Dans mon chapitre « Les écrivains et la Seine », Charles Nodier (1780-1844) parle de la Seine et Troyes.

 

         Il a écrit « La Seine et ses bords », qui tient du livre d’histoire de géographie et de voyages : « L’histoire de la Seine est, beaucoup plus qu’on ne l’imagine au premier abord, l’histoire de la France elle-même. Son récit suit le cours du fleuve,  le décrit, évoque l’histoire des lieux traversés, livre des impressions ».

 

         Nodier est un conteur incomparable. Voici quelques extraits empruntés à la traversée du département de l’Aube.

 

         Mussy, Polisy, Bar : « En quittant Mussy, la Seine laisse à sa droite la grande route de Paris, et une colline dont la cime est couronnée d’arbres magnifiques ; c’était une promenade  plantée par les évêques de Langres et dépendant de leur château. Maintenant elle appartient à la ville et sert de rendez-vous à ses fêtes.
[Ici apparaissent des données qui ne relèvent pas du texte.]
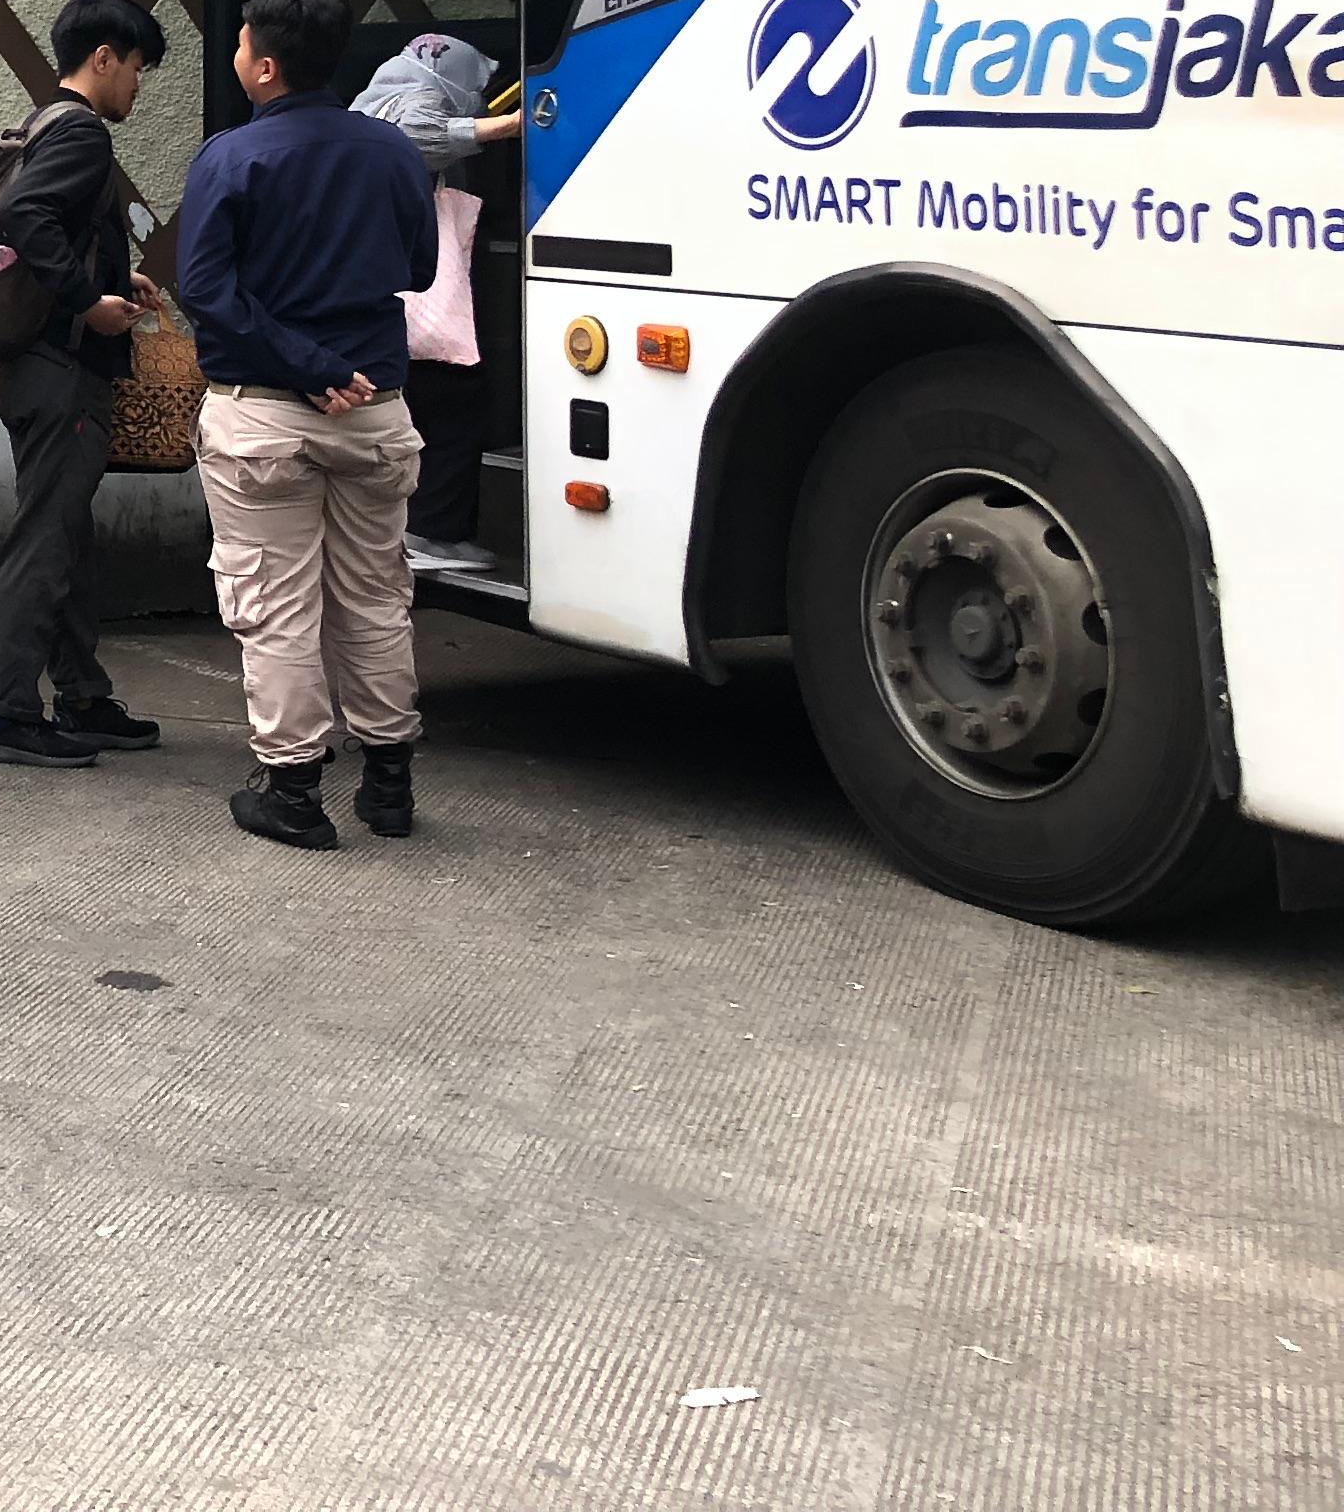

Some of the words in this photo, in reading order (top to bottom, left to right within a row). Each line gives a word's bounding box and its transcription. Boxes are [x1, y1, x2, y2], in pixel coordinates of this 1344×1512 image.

[747, 174, 901, 226] SMART
[917, 180, 1116, 251] Mobility
[1133, 188, 1210, 243] for
[1228, 192, 1344, 251] Sma
De son extrémité on aperçoit les nombreuses sinuosités que la Seine fait dès son entrée dans le département de l’Aube… Les collines qui bordent le fleuve cessent d’être couvertes  de vignobles sur leur penchant, et de bois sur leur sommet. Le sol de calcaire devient crayeux et presqu’infertile, mais la cause elle-même de son aridité fournit à cette contrée une de ses principales ressources. Connue sous le nom de blanc d’Espagne, et plus justement appelée Blanc de Troyes (voir ce chapitre), la vraie qu’on en tire se répand dans toute l’Europe, et forme une des plus importantes branches du commerce du pays ».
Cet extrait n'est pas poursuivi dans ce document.